[Records supplied — start]
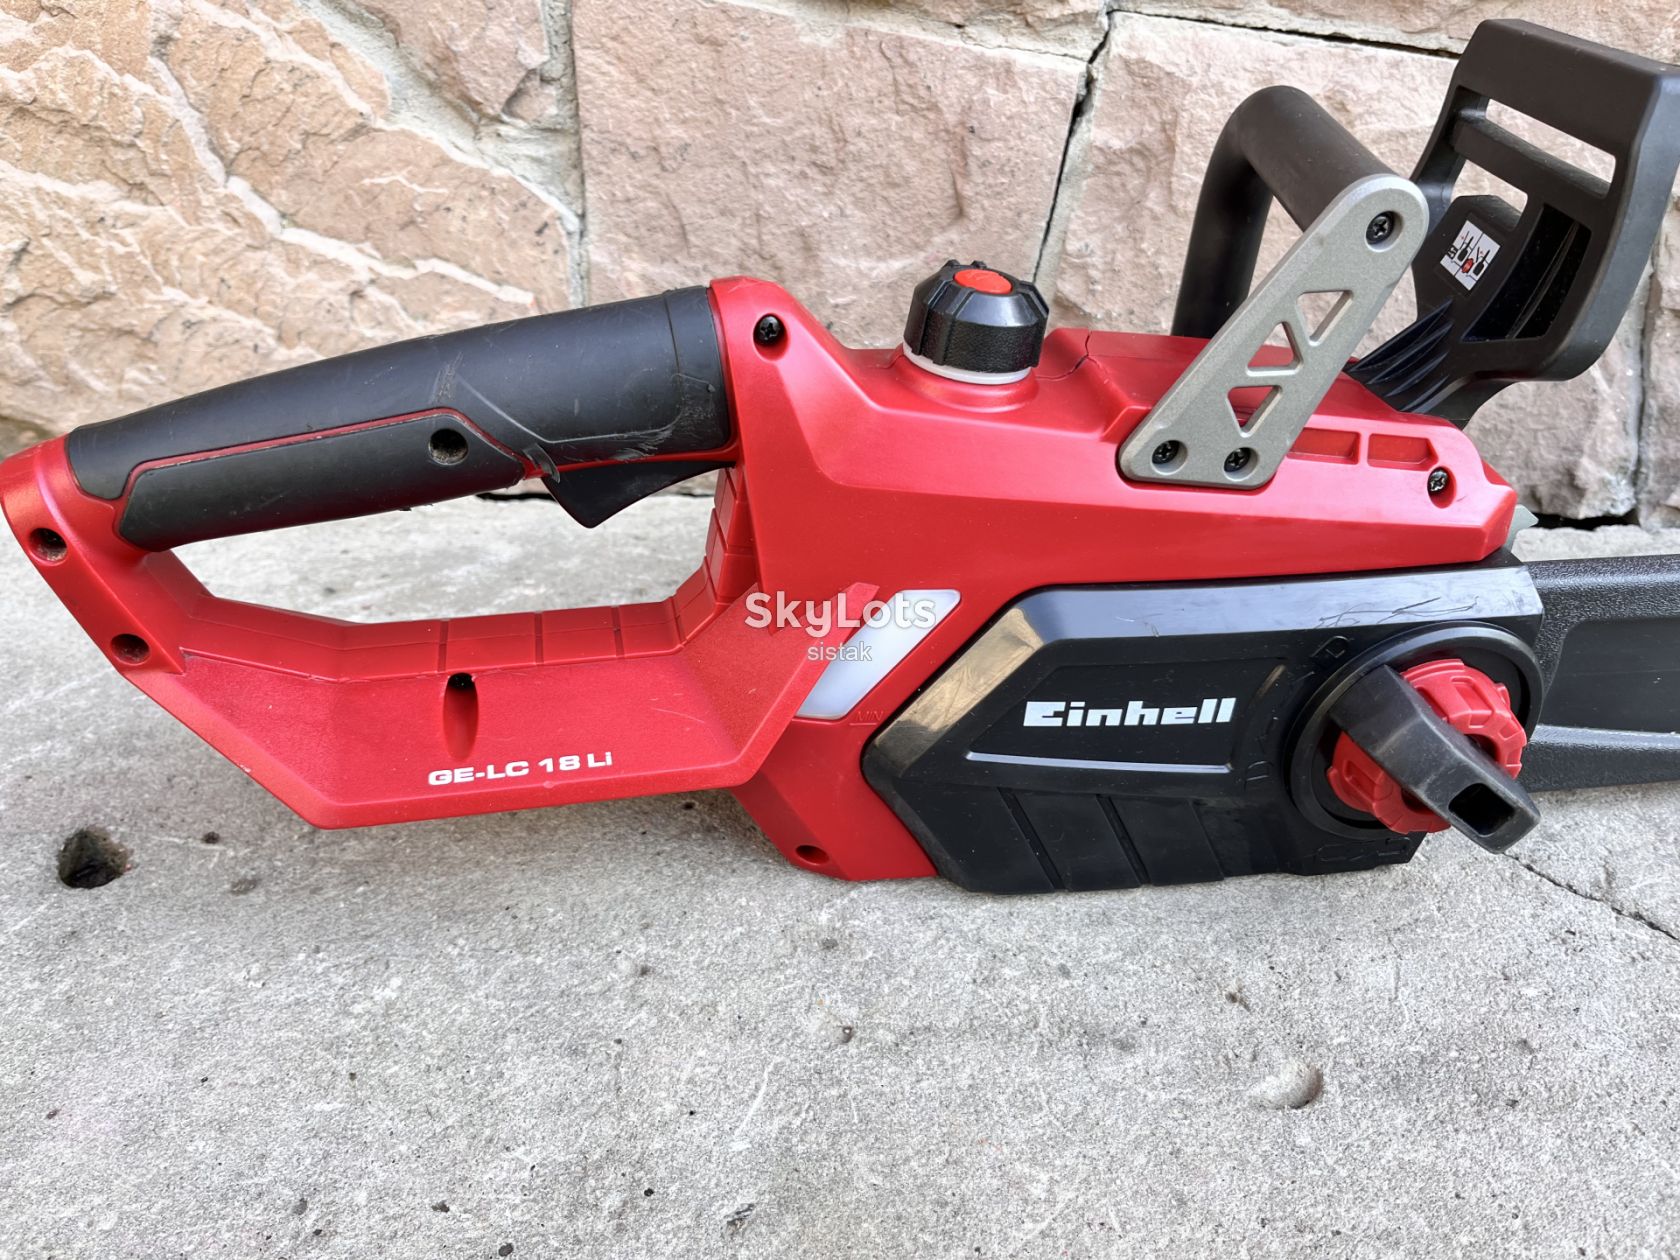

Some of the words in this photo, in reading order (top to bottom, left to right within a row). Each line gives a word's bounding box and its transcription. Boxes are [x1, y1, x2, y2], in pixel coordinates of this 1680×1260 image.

[1023, 697, 1237, 727] Einhell
[428, 761, 530, 786] GE-LC
[538, 755, 581, 773] 18
[587, 751, 613, 768] Li
[Records supplied — finish]
Instructions for the task >> Keeping the pictures out, output the records from above exactly and completely.

Solution to this task >>
Some of the words in this photo, in reading order (top to bottom, left to right within a row). Each line gives a word's bounding box and its transcription. Boxes are [x1, y1, x2, y2], in pixel coordinates of this 1680×1260 image.

[1023, 697, 1237, 727] Einhell
[428, 761, 530, 786] GE-LC
[538, 755, 581, 773] 18
[587, 751, 613, 768] Li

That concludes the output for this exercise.